Eosinophilic esophagitis (EoE) is a chronic antigen-mediated inflammatory disease of the
esophagus that affects both children and adults. The incidence and prevalence of EoE is
rapidly increasing in Western countries with an estimated incidence of 6.6 per 100,000
person-years (95% CI, 3-11.7) in children and 7.7 per 100,000 person-years (95% CI,
1.8-17.8) in adults. Clinically, it is characterized by various symptoms related to
esophageal dysfunction, including vomiting, regurgitation, feeding difficulties,
epigastric heartburn, dysphagia, or food bolus impaction, and may cause growth
retardation. Diagnosis is made on the basis of clinical symptoms and histological
evidence of eosinophilic infiltration of the esophagus (at least 15 eosinophils/high
power microscope field (eos /hpf), excluding other etiologies of esophageal eosinophilia
(gastroesophageal reflux disease, infectious esophagitis, achalasia, celiac disease and
Crohn's disease, connective tissue disorders, gra ft versus host disease, drug
hypersensitivity and hypereosinophilic syndromes). EoE is primarily characterized by a T
helper 2 type inflammation, but the pathogenesis and the immunopathological mechanisms
underlying the pathology are not yet fully understood. Recent evidence suggests that in
genetically predisposed individuals, interaction with environmental factors (e.g.,
dietary lifestyle) may play a role in activating several inflammatory pathways and cause
EoE.
Ultra-processed foods (UPFs) are food and beverage products resulting from industrial
formulations, ready for consumption, typically obtained with five or more ingredients
from different manufacturing processes (cooking methods, addition of additives such as
stabilizers or preservatives). During the last decade, the consumption of the latter has
increased significantly among the pediatric population to represent 30% of the daily
caloric intake of an average child in Europe and America.

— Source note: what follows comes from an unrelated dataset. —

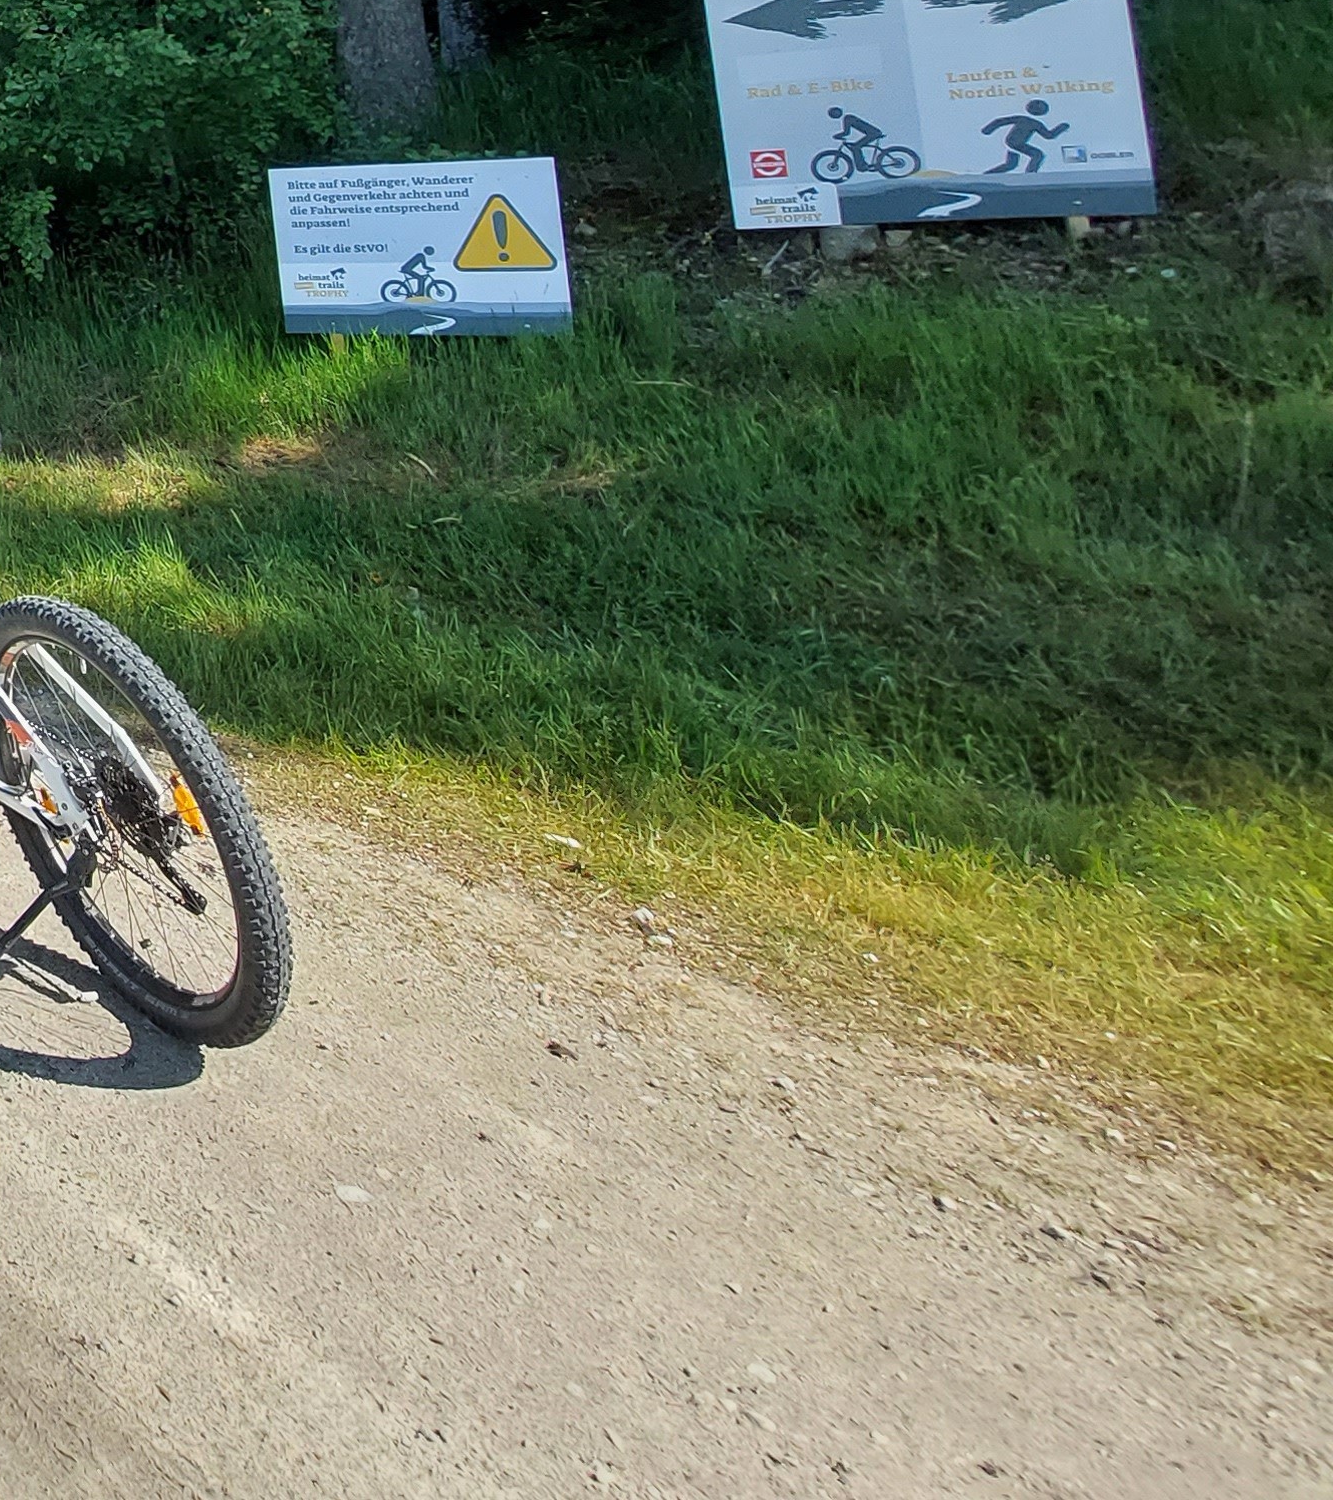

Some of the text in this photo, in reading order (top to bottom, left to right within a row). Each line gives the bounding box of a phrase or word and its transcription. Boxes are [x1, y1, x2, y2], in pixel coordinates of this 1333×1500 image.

Recent evidences show that UPFs
favor the onset of chronic non-communicable diseases through the activation of different
inflammatory pathways.
The components mostly represented in UPFs are the advanced glycation end products (AGEs),
a heterogeneous group of highly oxidizing compounds that are formed through non-enzymatic
reactions (Maillard reaction) between reduced sugars and free amino groups of proteins,
lipids, or nucleic acids.
Evidence demonstrates that dietary AGEs are absorbed and contribute significantly to the
total concentration of AGEs in the body. AGEs induce oxidative stress and inflammation,
leading to structural and functional protein alterations, cellular apoptosis and
multi-tissue/organ damage. These mechanisms are mediated at least in part by interactions
with their cell-surface receptor for advanced glycation end-products (RAGE).
The AGEs-RAGE interaction modulates the immune response. AGEs are able to activate le
mast cells, to stimulate the release of histamine and to induce a chronic inflammatory
state that promotes a T helper 2 type response.